Medical avatars: mapping our health

 

Building computer versions of our bodies and using them to diagnose symptoms, anticipate future illnesses and predict side effects of treatment is at the heart of a new international project , writes ALISON JONES

IMAGINE ANOTHER you living in a computer. It has your eyes and your body shape. It walks like you, compensating for that injury. It sits like you with that posture your mother told you about. It is allergic to that type of antibiotics. It should probably drink less. Meet your medical avatar.

This is the vision of truly personalised medicine, which is at the heart of the Virtual Physiological Human (VPH) initiative. Spanning a decade and drawing on roughly €350 million from the European Commission, the VPH project is no mean feat.

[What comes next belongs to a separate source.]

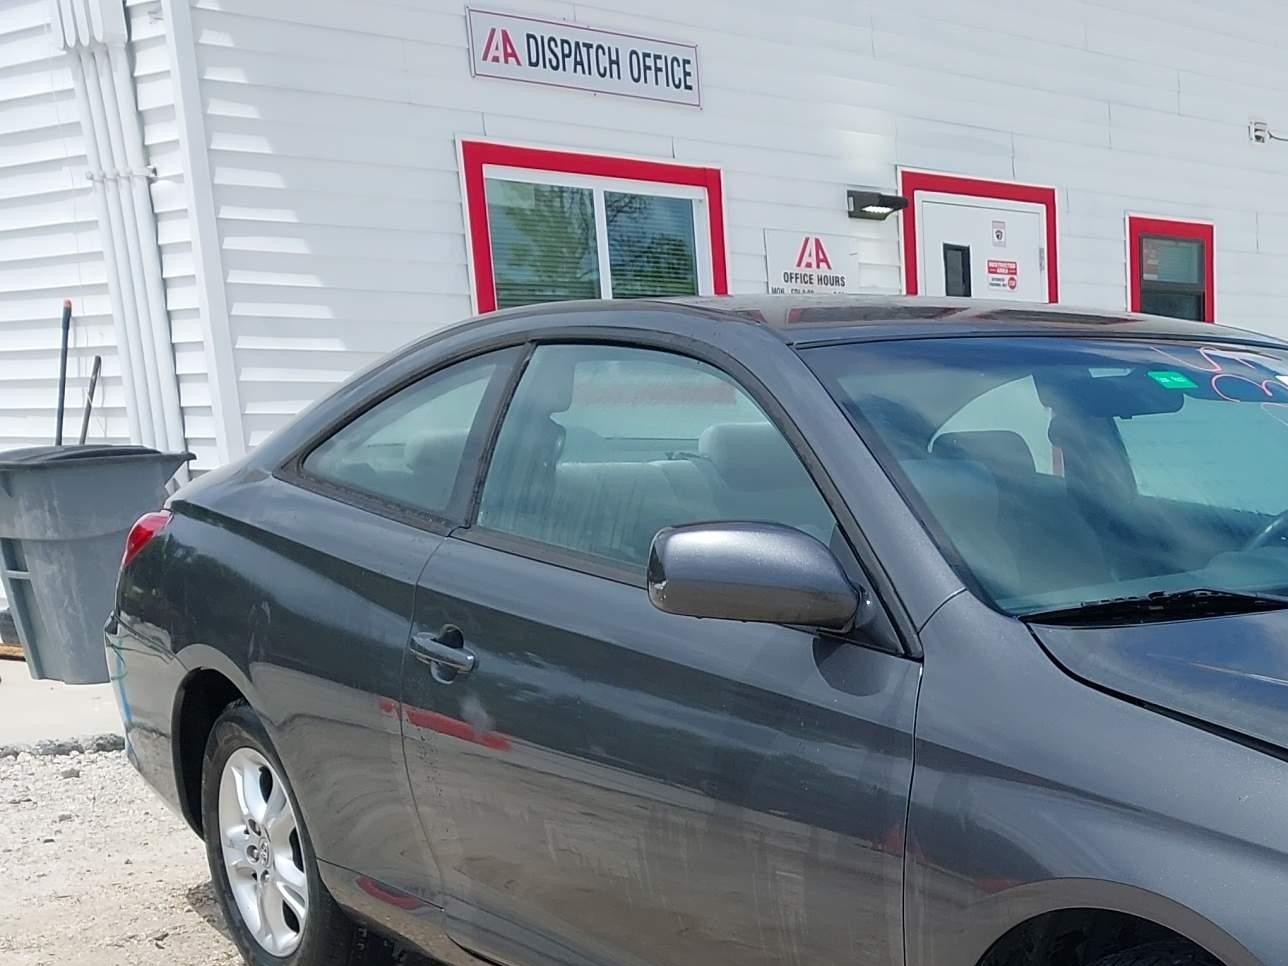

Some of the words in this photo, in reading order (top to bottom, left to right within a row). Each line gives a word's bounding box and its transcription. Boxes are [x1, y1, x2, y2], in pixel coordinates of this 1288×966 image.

At the moment the finer details of our medical histories are stored in many different places. When we move to a different city or a different country, fine fragments of this information are lost on the way.

The knowledge about how our bodies behave is also divided up. The function of the liver is dealt with in a different medical speciality to the performance of the lungs or diseases of the hip joint.

Your personal Virtual Physiological Human – your computer-based avatar – would contain both your medical data and the technical knowledge about how your bodily systems work. It could be used to diagnose current symptoms, anticipate future illnesses and predict side-effects of treatment.

A condition such as auto immune disease cuts across several organs and systems in the body. Making the links between symptoms in these separate areas may take months. Within a personalised avatar they would all be linked together from the start, speeding up diagnosis as a result.

Drugs could be given to the virtual you before being prescribed in reality, to test your response. Allergic reactions and effects on your organs could be predicted. Importantly, doctors could tell whether a drug would do its job.

Building even one of these virtual humans is a massive challenge. The interactions within the body go from the molecular level, to the tissue, to the organs, and back the other way, explains Viceconti of the Rizzoli Orthopaedic Institute, Bologna, Italy. The idea is to integrate all knowledge of how the human body works at every scale.

It is tempting to think that this kind of thing exists only in science-fiction films. But plans were officially written down in 2006, when 600 scientists, clinicians and policy makers, joined together to produce a “road map” for the VPH work.

They wanted to create a “framework of methods and technology that when established will make possible the investigation of the human body as a whole”, says Viceconti, one of the founders of the VPH initiative, who is currently a key researcher within it.

The road map also includes discussion on the need for extensive computer technology and to ensure privacy of patient data.

THERE ARE NOW roughly 20 active VPH research projects supported by the European Commission funding, with half as many again in the planning stage. Other related research has been funded by the member states, including the UK and Germany.

Research groups, companies and hospitals all over the world are now involved in the initiative. “Building the Virtual Physiological Human is a world-class challenge,” says Viceconti. “The project is driven by Europe but it is a worldwide initiative.”

The projects focus on a variety of diseases including cancer and Alzheimers. They all share the aim of using computer technology to integrate everything we know on those subjects. Some of these projects have progressed as far as clinical trials.

The VPH is not “just a dream for a bunch of geeks”, Viceconti explains. Steps are being taken towards the virtual human, “in practice, in reality and in hospitals”.

The first in a series of international VPH conferences starts on the September 30th in Brussels, Belgium. This will be a meeting of up to 200 people, presenting the highlights of the work so far. Future meetings are expected to be much larger.

One of the current projects tackles the problem of bone fractures in osteoporotic patients. These fractures cost the European health system more than €30 billion per year.

Integration of information is also at work in this project. Risk factors will be taken into account from the activity of bone-building cells to the fitness of the patient themselves. The multi-scale models generated will improve the prediction and treatment of these fractures.

It is “re-inventing the clinical pathway for osteoporosis” a disease particularly important for women, and “reducing the chance of spontaneous fracture”, says Viceconti.


Alison Jones is a British Science Association media fellow on placement with The Irish Times.